§ **TASK INSTRUCTIONS**: In your copy, the records appear word for word and the pictures do not appear at all.

───── PROVIDED RECORDS

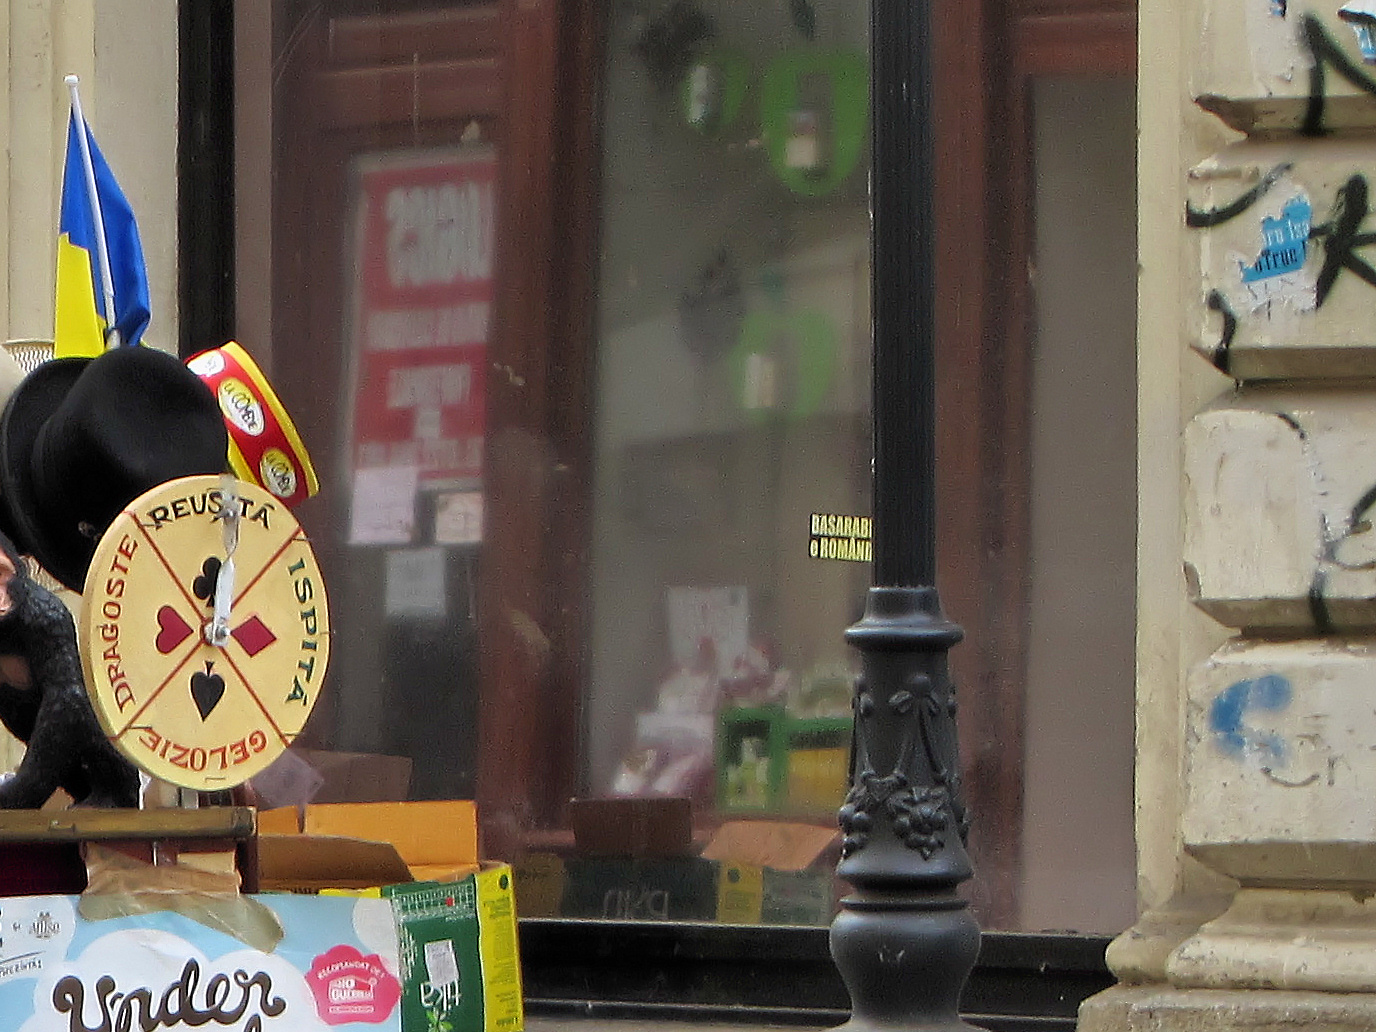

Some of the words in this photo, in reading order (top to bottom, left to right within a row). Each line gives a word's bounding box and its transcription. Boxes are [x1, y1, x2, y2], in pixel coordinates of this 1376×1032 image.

[144, 488, 276, 529] REUȘTĂ
[100, 534, 139, 712] DRAGOSTE
[286, 557, 319, 706] ISPITĂ
[138, 728, 269, 771] GELOZIE
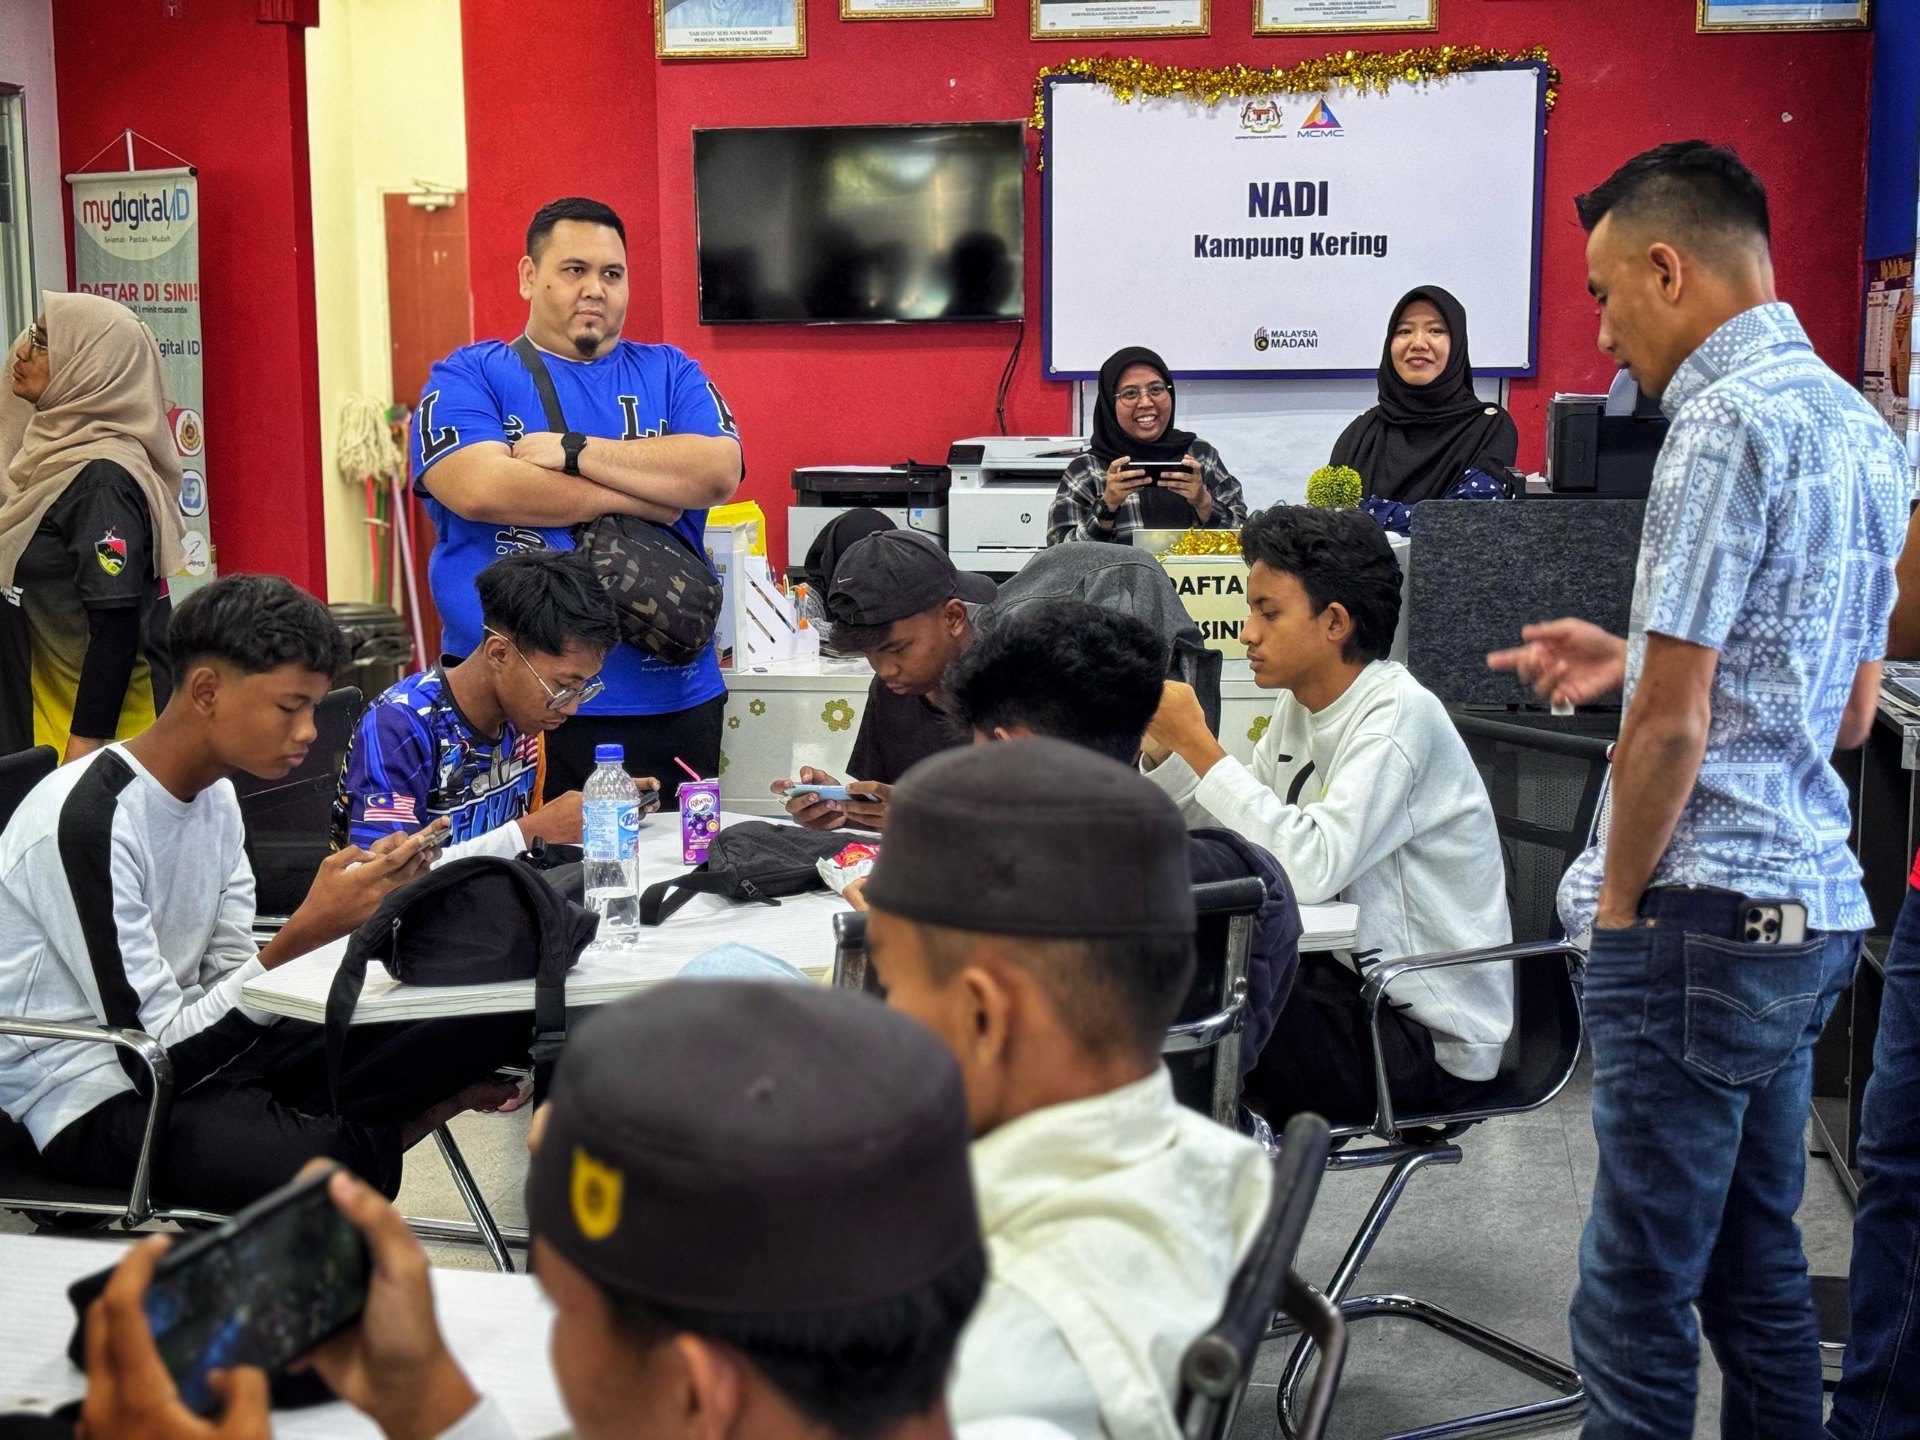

──────────

§ **RESULT OF THIS TASK**:
Some of the words in this photo, in reading order (top to bottom, left to right within a row). Each line gives a word's bounding box and its transcription. Boxes are [x1, y1, x2, y2], in pixel coordinates of this 1376×1032 image.

[144, 488, 276, 529] REUȘTĂ
[100, 534, 139, 712] DRAGOSTE
[286, 557, 319, 706] ISPITĂ
[138, 728, 269, 771] GELOZIE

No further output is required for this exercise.